# The Bank Holiday



## altair (Mar 25, 2006)

Where is everyone going this bank holiday? 

Is anyone going to risk the traffic or the weather? 

We are going to Devon for the weekend
Tim


----------



## Lonewolf (Nov 7, 2007)

Thornton le Dale :lol:


----------



## 88781 (May 9, 2005)

Tollerton!


----------



## 100127 (Jul 20, 2006)

Lickhill Manor Caravan Park


----------



## 110631 (Mar 16, 2008)

altair said:


> Where is everyone going this bank holiday?
> 
> Is anyone going to risk the traffic or the weather?
> 
> ...


Kent coast for us
jonb


----------



## bigfoot (May 16, 2005)

Rome, Then a circumnavigation of Italy visiting some Greek Islands as well,culminating with landfall in Venice.


----------



## sallytrafic (Jan 17, 2006)

My allotment


----------



## 96410 (Sep 30, 2005)

work.


----------



## asabrush (Mar 3, 2008)

electric picnic festival with wellies


----------



## autostratus (May 9, 2005)

altair said:


> Where is everyone going this bank holiday?
> 
> Is anyone going to risk the traffic or the weather?
> 
> ...


When is it?
We're probably off to France on the 24th August, is it that weekend?


----------



## mangothemadmonk (Aug 6, 2006)

A full weekend of work at both jobs and thanks for reminding me           

Johnny F


----------



## 104441 (May 11, 2007)

Sutton-on the-Forest near York it's the Northern Centres Rally of the Caravan Club.


----------



## baldybazza (Feb 21, 2007)

Towersey Village Folk Festival for a chilled out (and possibly muddy) weekend


----------



## annetony (May 1, 2005)

at home, there is too much traffic on the road for us, 

we are off this week though so may have a short trip in between tiling the hall

Anne


----------



## 92859 (May 1, 2005)

*bank holiday*

Greetings,

We are going to Rome. 

Roam around the house and get some work done I am afraid, but I may get the 'van washed. :lol:

Next trip will be Pickering all being well, but not making too many plans at the moment.

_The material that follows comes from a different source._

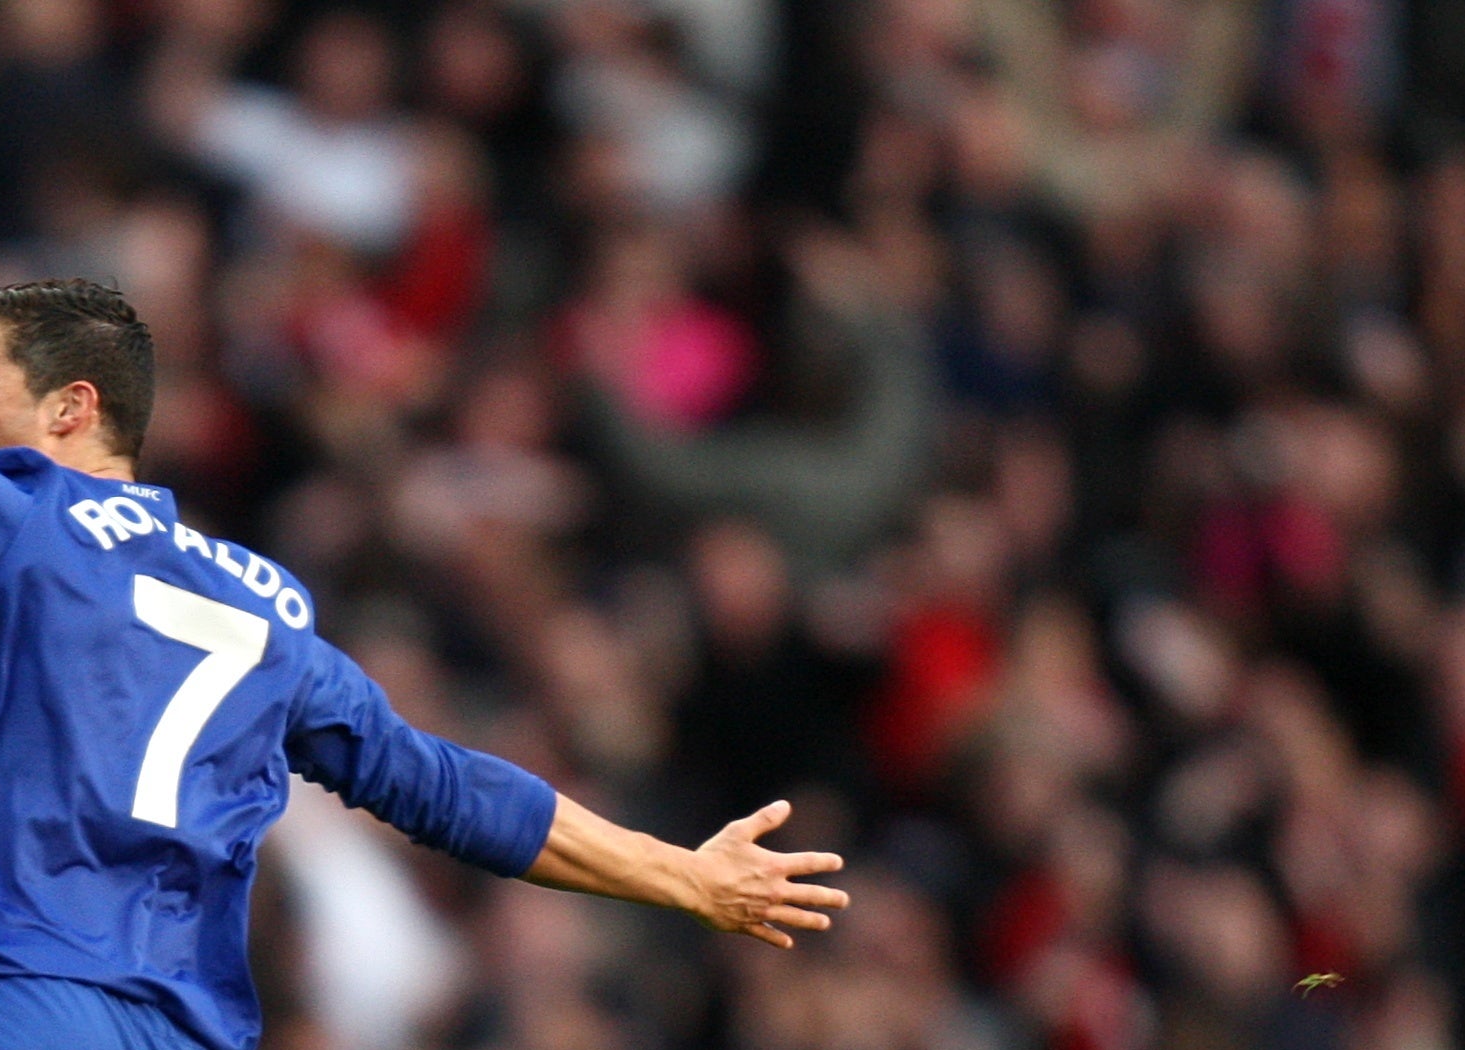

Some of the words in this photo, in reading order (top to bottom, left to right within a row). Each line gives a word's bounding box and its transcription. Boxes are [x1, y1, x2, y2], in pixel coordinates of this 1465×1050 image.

If I get time I may install some modifications in the 'van.


----------



## Broom (Oct 8, 2007)

Hi All

Two weeks match fishing in Ireland the Arva and Gowna festivals.

Best Regards
Broom


----------



## Melly (Jul 5, 2007)

Our ferry crossing to Calais is on bank holiday Monday as it was the cheapest for some reason and then southern France for a month before nipping into Spain for 2 months as we have not tried the Spanish hospitality yet in a M/H.


----------



## 110631 (Mar 16, 2008)

Melly said:


> Our ferry crossing to Calais is on bank holiday Monday as it was the cheapest for some reason and then southern France for a month before nipping into Spain for 2 months as we have not tried the Spanish hospitality yet in a M/H.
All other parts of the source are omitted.